> **What the exercise asks**
Every record below is to be restated verbatim, though its images are not.

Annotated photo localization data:
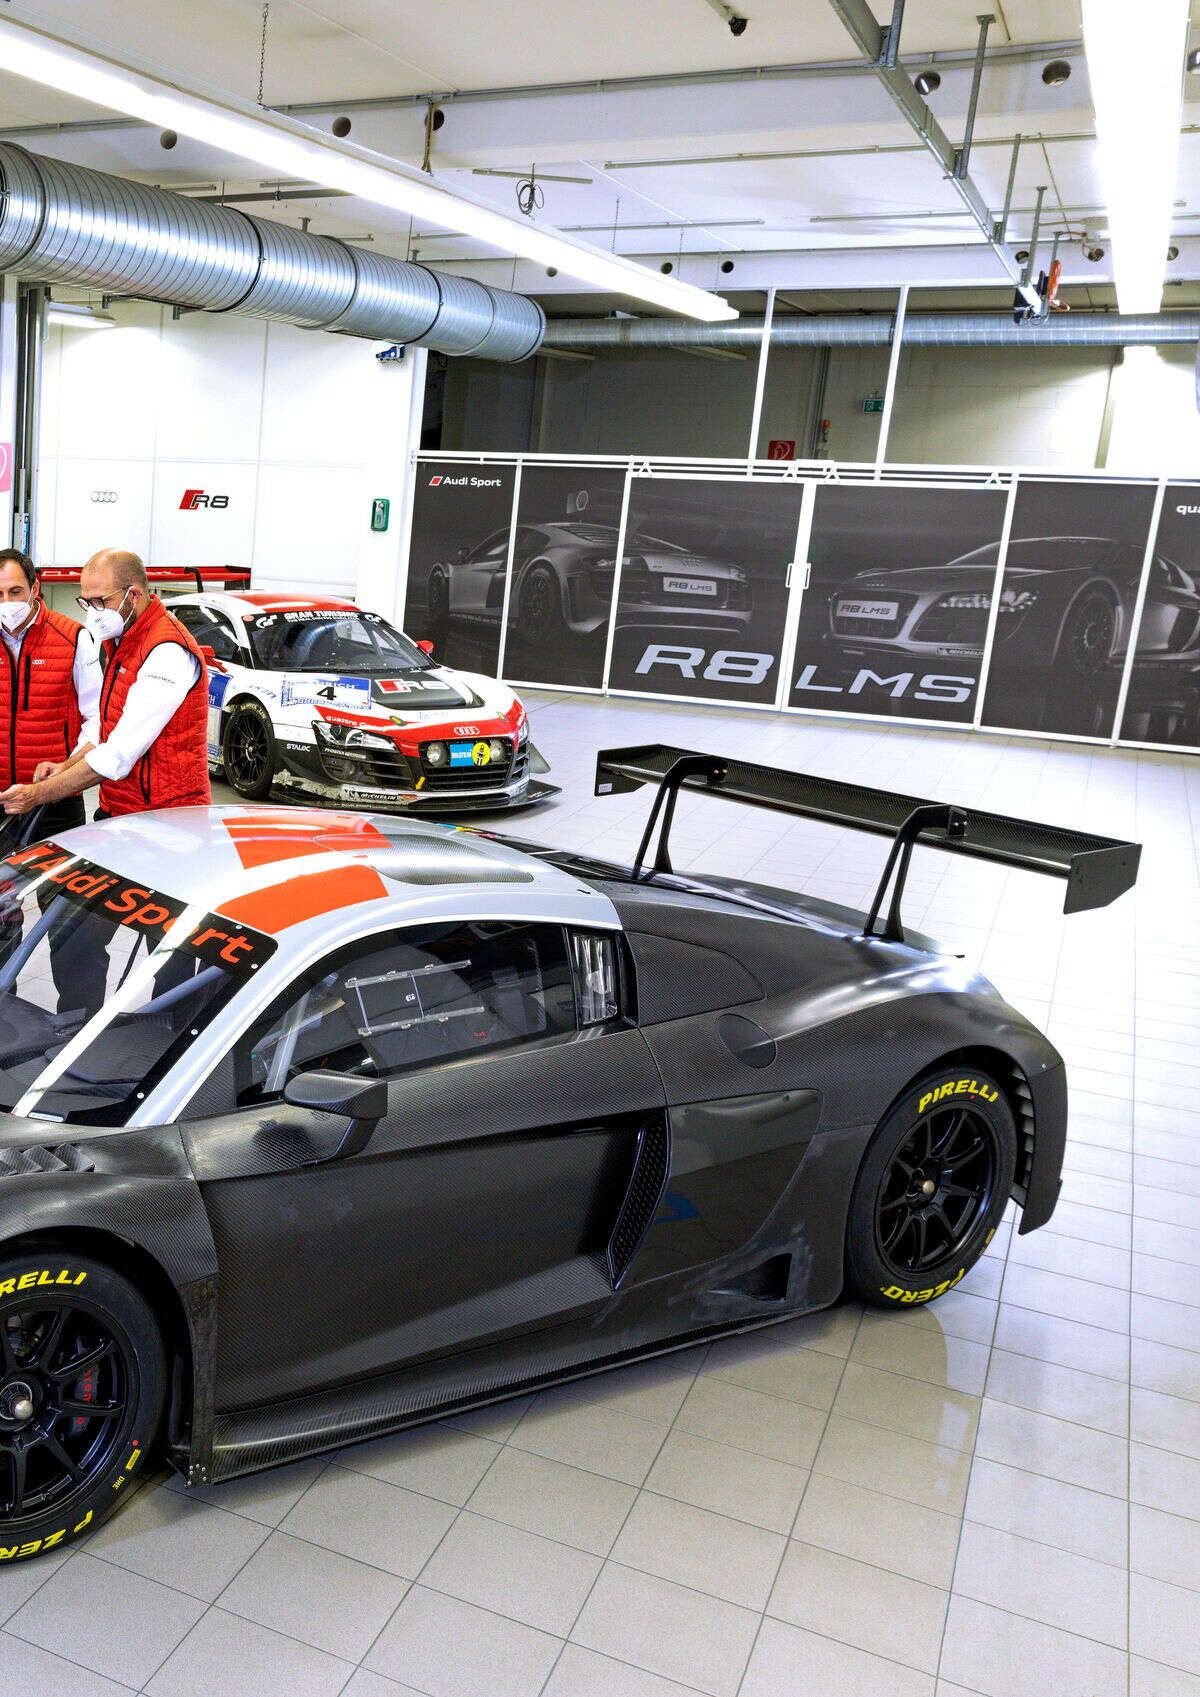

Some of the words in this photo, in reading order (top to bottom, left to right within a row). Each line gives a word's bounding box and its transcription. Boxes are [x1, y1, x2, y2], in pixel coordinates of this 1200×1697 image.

[443, 476, 468, 486] Audi
[470, 477, 502, 488] Sport
[190, 493, 230, 509] R8
[1176, 505, 1200, 515] qu
[668, 581, 689, 591] R8
[284, 610, 313, 620] GRAN
[314, 609, 360, 619] TURISMO
[840, 603, 861, 614] R8
[862, 605, 891, 615] LMS
[635, 644, 776, 686] R8
[392, 680, 450, 692] R8
[795, 664, 977, 704] LMS
[316, 686, 337, 701] 4
[326, 715, 358, 726] quattro
[286, 743, 311, 752] STALOC
[360, 792, 398, 801] MICHELIN
[29, 855, 119, 899] Audi
[918, 1079, 999, 1114] PIRELLI
[951, 1267, 965, 1290] P
[883, 1279, 951, 1304] ZERO
[112, 1475, 126, 1490] DHE
[74, 1509, 95, 1533] P
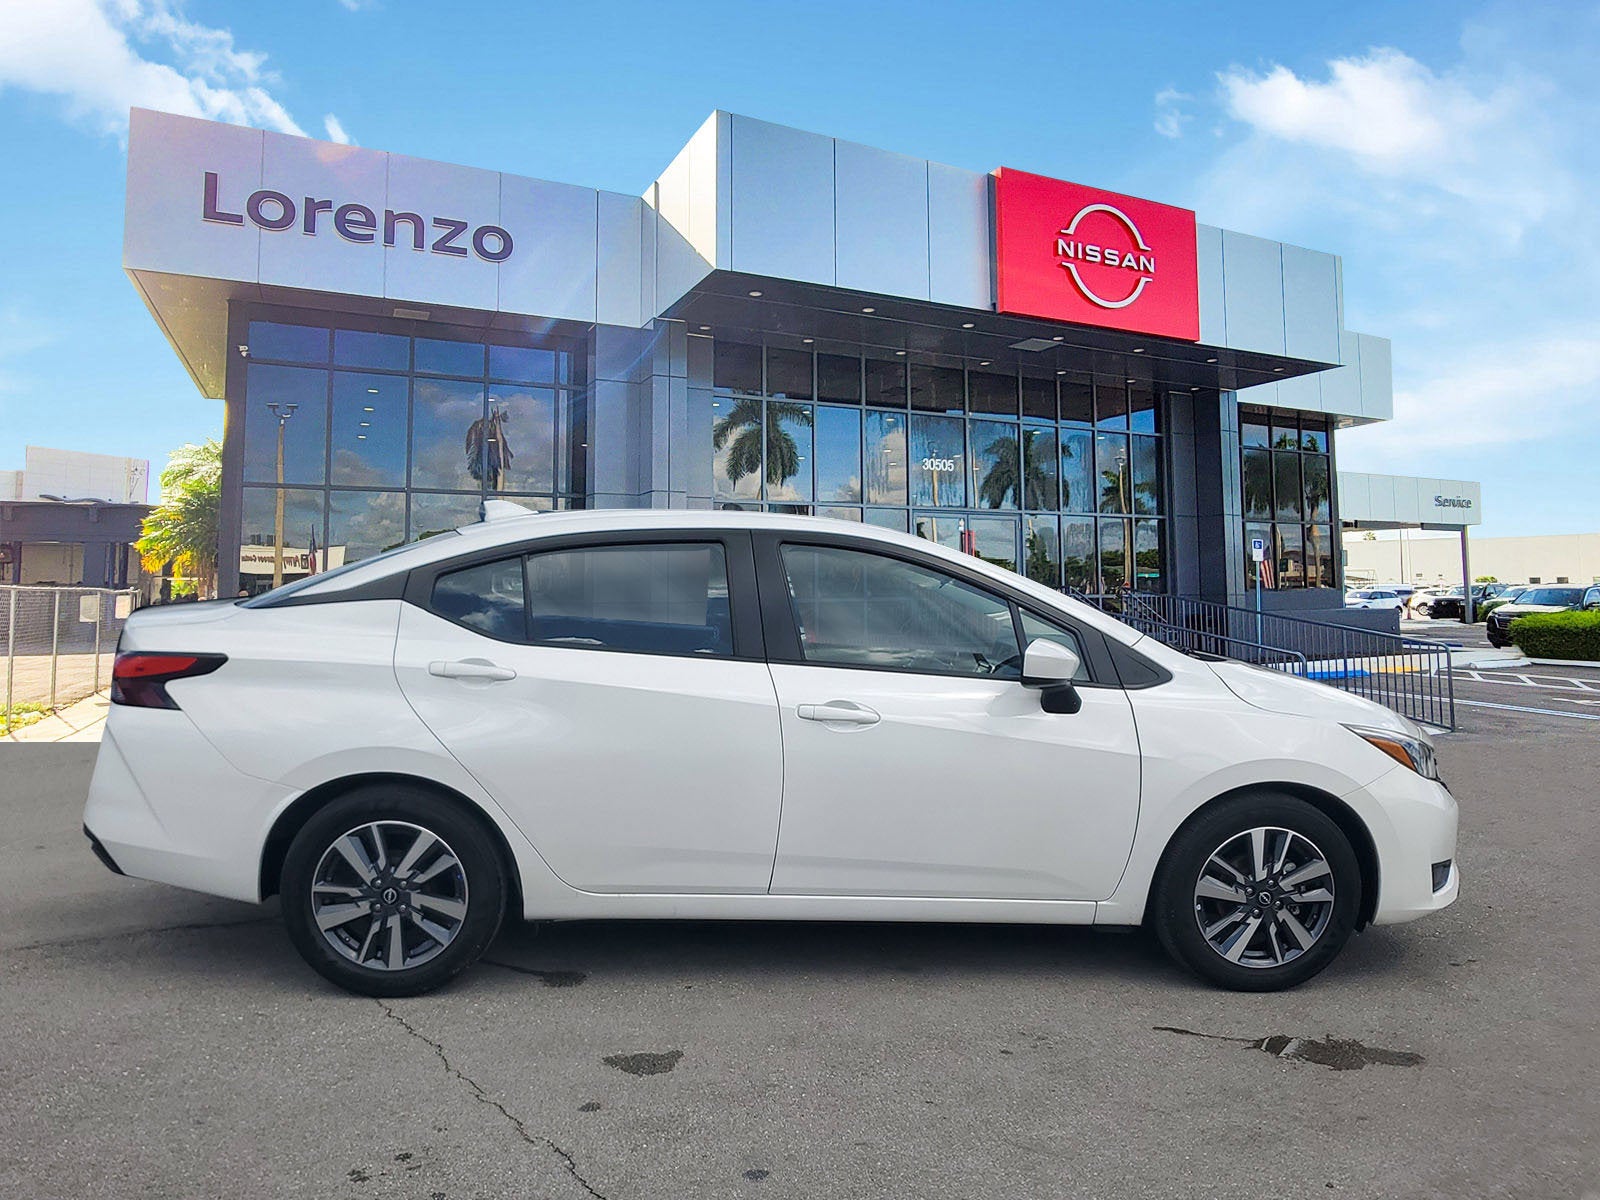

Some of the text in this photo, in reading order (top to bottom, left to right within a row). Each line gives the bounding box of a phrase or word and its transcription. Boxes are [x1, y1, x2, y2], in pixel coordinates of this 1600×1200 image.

> **Exercise result**
Some of the words in this photo, in reading order (top to bottom, left to right within a row). Each line gives a word's bounding box and its transcription. Boxes are [x1, y1, x2, y2], in pixel coordinates of this 1200×1697 image.

[443, 476, 468, 486] Audi
[470, 477, 502, 488] Sport
[190, 493, 230, 509] R8
[1176, 505, 1200, 515] qu
[668, 581, 689, 591] R8
[284, 610, 313, 620] GRAN
[314, 609, 360, 619] TURISMO
[840, 603, 861, 614] R8
[862, 605, 891, 615] LMS
[635, 644, 776, 686] R8
[392, 680, 450, 692] R8
[795, 664, 977, 704] LMS
[316, 686, 337, 701] 4
[326, 715, 358, 726] quattro
[286, 743, 311, 752] STALOC
[360, 792, 398, 801] MICHELIN
[29, 855, 119, 899] Audi
[918, 1079, 999, 1114] PIRELLI
[951, 1267, 965, 1290] P
[883, 1279, 951, 1304] ZERO
[112, 1475, 126, 1490] DHE
[74, 1509, 95, 1533] P

Some of the text in this photo, in reading order (top to bottom, left to right within a row). Each line gives the bounding box of a phrase or word and its transcription. Boxes are [x1, y1, x2, y2], in pixel coordinates of this 1600×1200 image.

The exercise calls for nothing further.